Produces an object of class "glm" or "bdGlm" which is a generalized linear fit of the data.

USAGE:

glm(formula, family=gaussian, data=<<see below>>, weights, 
    subset, na.action=na.fail, start=<<see below>>, 
    control=glm.control, method="glm.fit", model=F, x=F, 
    y=T, contrasts=NULL, ...) 

REQUIRED ARGUMENTS:

formula
a formula expression as for other regression models, of the form response ~ predictors. For details, see the documentation for lm and formula. See the DETAILS section below for special forms the response variable can take in logistic regression.

OPTIONAL ARGUMENTS:

family
a family object.

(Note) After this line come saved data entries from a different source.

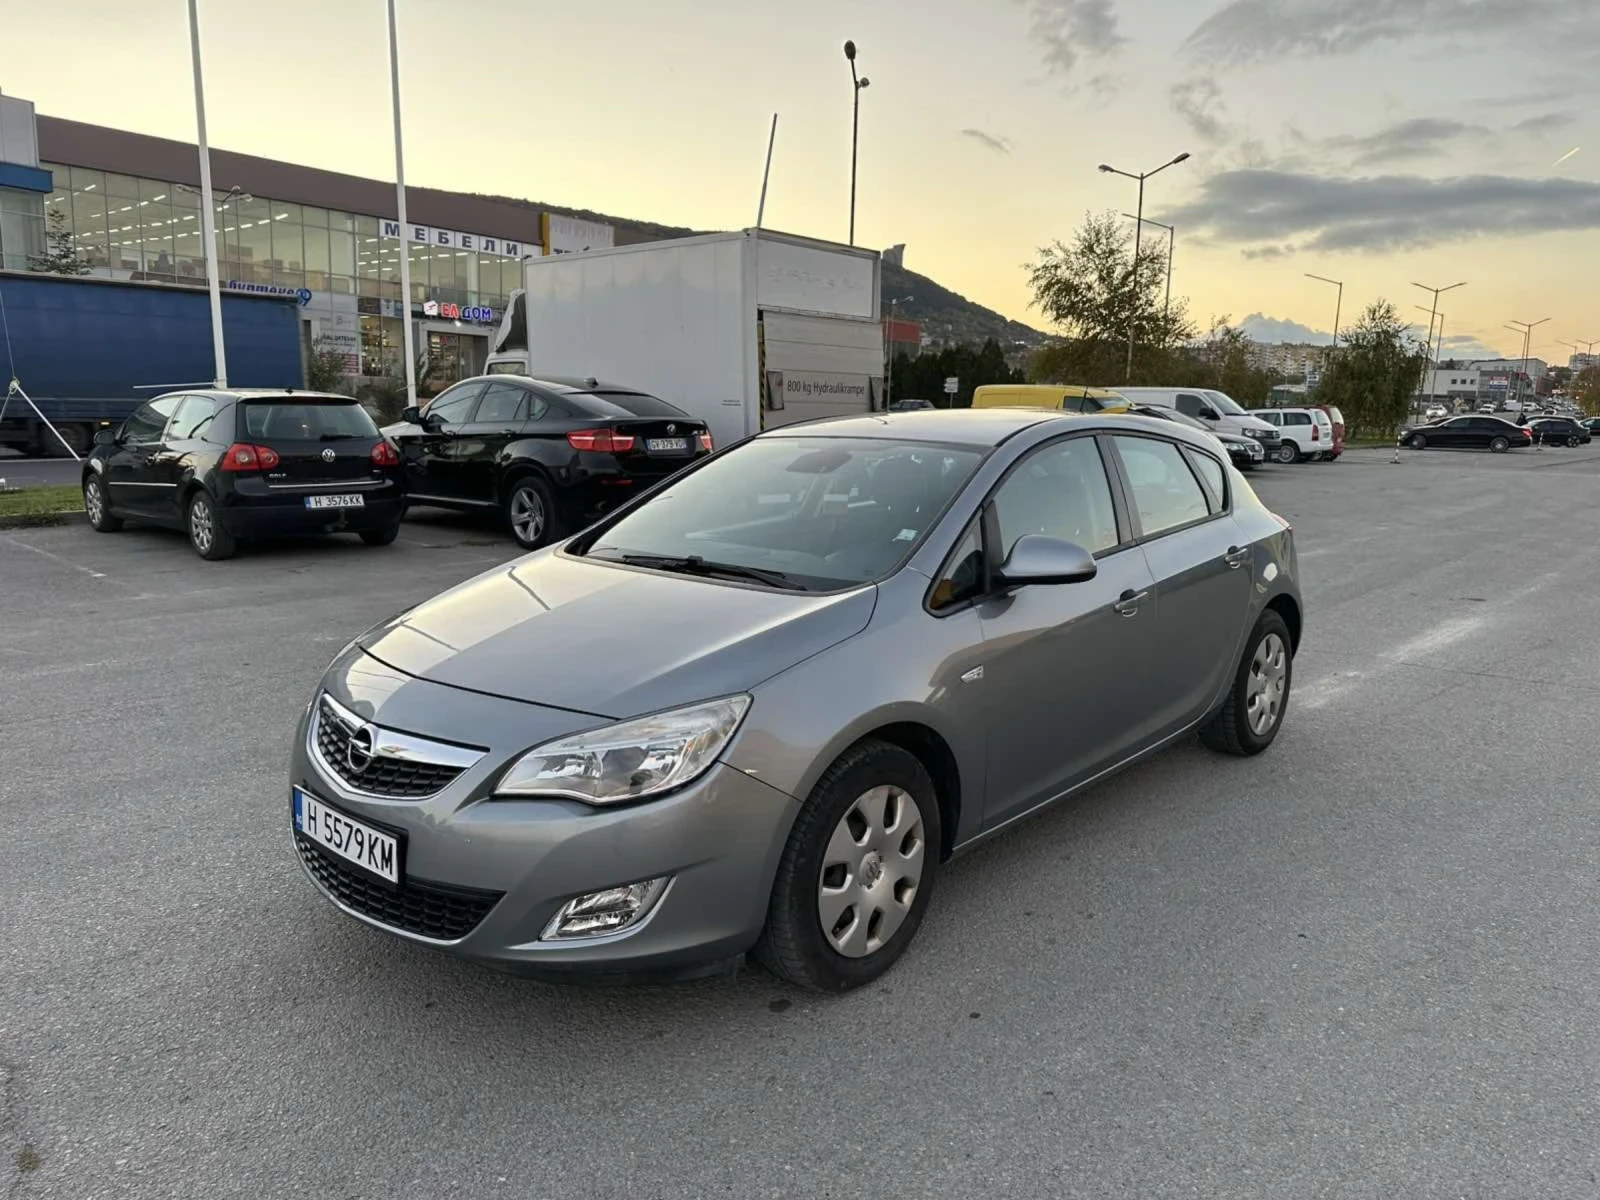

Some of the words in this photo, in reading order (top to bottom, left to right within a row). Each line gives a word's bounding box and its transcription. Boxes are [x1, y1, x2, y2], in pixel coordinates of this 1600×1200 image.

[384, 222, 518, 256] МЕБЕЛИ
[462, 306, 492, 320] ДОМ
[787, 380, 801, 392] 800
[802, 381, 812, 396] kg
[813, 381, 865, 397] Hydraulikrampe
[308, 801, 317, 836] H

This is a list of expressions for defining the link, variance function, initialization values, and iterative weights for the generalized linear model. Supported families are: gaussian, binomial, poisson, Gamma, inverse.gaussian and quasi. Functions like binomial produce a family object and can be given without the parentheses. Family functions can take arguments, as in binomial(link=probit). For more details, see the help files for family and family.object.
data
a data frame or bdFrame in which to interpret the variables occurring in the formula. If data is bdFrame then the function bdGlm will be called. See the DETAILS section below for additional information and restrictions when using glm with a bdFrame.
weights
the weights for the fitting criterion. By default, all observations are weighted equally.
subset
an expression defining which subset of the rows in the data to use in the fit. This can be a logical vector, which is replicated to have length equal to the number of observations, a numeric vector indicating which observation numbers to include, or a character vector of the row names to include. By default, all observations are included.
na.action
a function to filter missing data. This is applied to the model.frame after any subset argument has been used. The default value of na.action=na.fail creates an error if any missing values are found. A possible alternative is na.exclude, which deletes observations that contain one or more missing values.
start
a vector of initial values on the scale of the linear predictor. This argument is useful in rare cases where the default starting values pose convergence problems to the underlying algorithm. For more information, see Chambers and Hastie (1993).
control
a list of iteration and algorithmic constants. See glm.control for their names and default values. These can also be given directly as arguments to glm itself, instead of through control.
method
the method to use in fitting the model. By default, the function glm.fit is used and the model is fit via iteratively reweighted least squares. However, other fitting methods can be defined by the user; see Chambers and Hastie (1993) pages 245 to 246 for more information.
model
if model=TRUE, the model.frame is returned. If model is itself a model.frame object, the formula and data arguments are ignored and model is used to define the model. By default, model=FALSE.
x
a logical flag; if x=TRUE, the model.matrix is returned. By default, x=FALSE.
y
a logical flag. The default value of y=TRUE causes the response variable to be returned.
contrasts
a list of contrasts to be used for some or all of the factors appearing as variables in the model formula. The names of the list should be the names of the corresponding variables. The elements of the list should be either contrast-type matrices (matrices with as many rows as levels of the factor, and with columns linearly independent of each other and of a column of ones), or else they should be functions that compute such contrast matrices. See the help file for contr.helmert for examples.
...
additional arguments are passed to glm.fit. In particular, the qr argument to glm.fit, which determines whether the QR decomposition from the fitting algorithm is returned, can be given to glm directly. See glm.fit for details.

VALUE:

an object of class "glm" is returned, which inherits from lm. See glm.object for details. If data is of class "bdFrame" then an object of class "bdGlm" is returned. See

The output object from glm has all the components of an lm object, with a few more. It can be examined with print, summary , plot , and anova. Components can be extracted using predict, fitted , residuals, coefficients , deviance , effects , formula, and family. A glm object can be modified using update. Other generic functions that have methods for glm objects are drop1, add1 , step and preplot.

DETAILS:

If the data argument is a bdFrame then the function bdGlm is immediately called by glm. The bdGlm function does not support all the arguments that glm does. See the help file for more information.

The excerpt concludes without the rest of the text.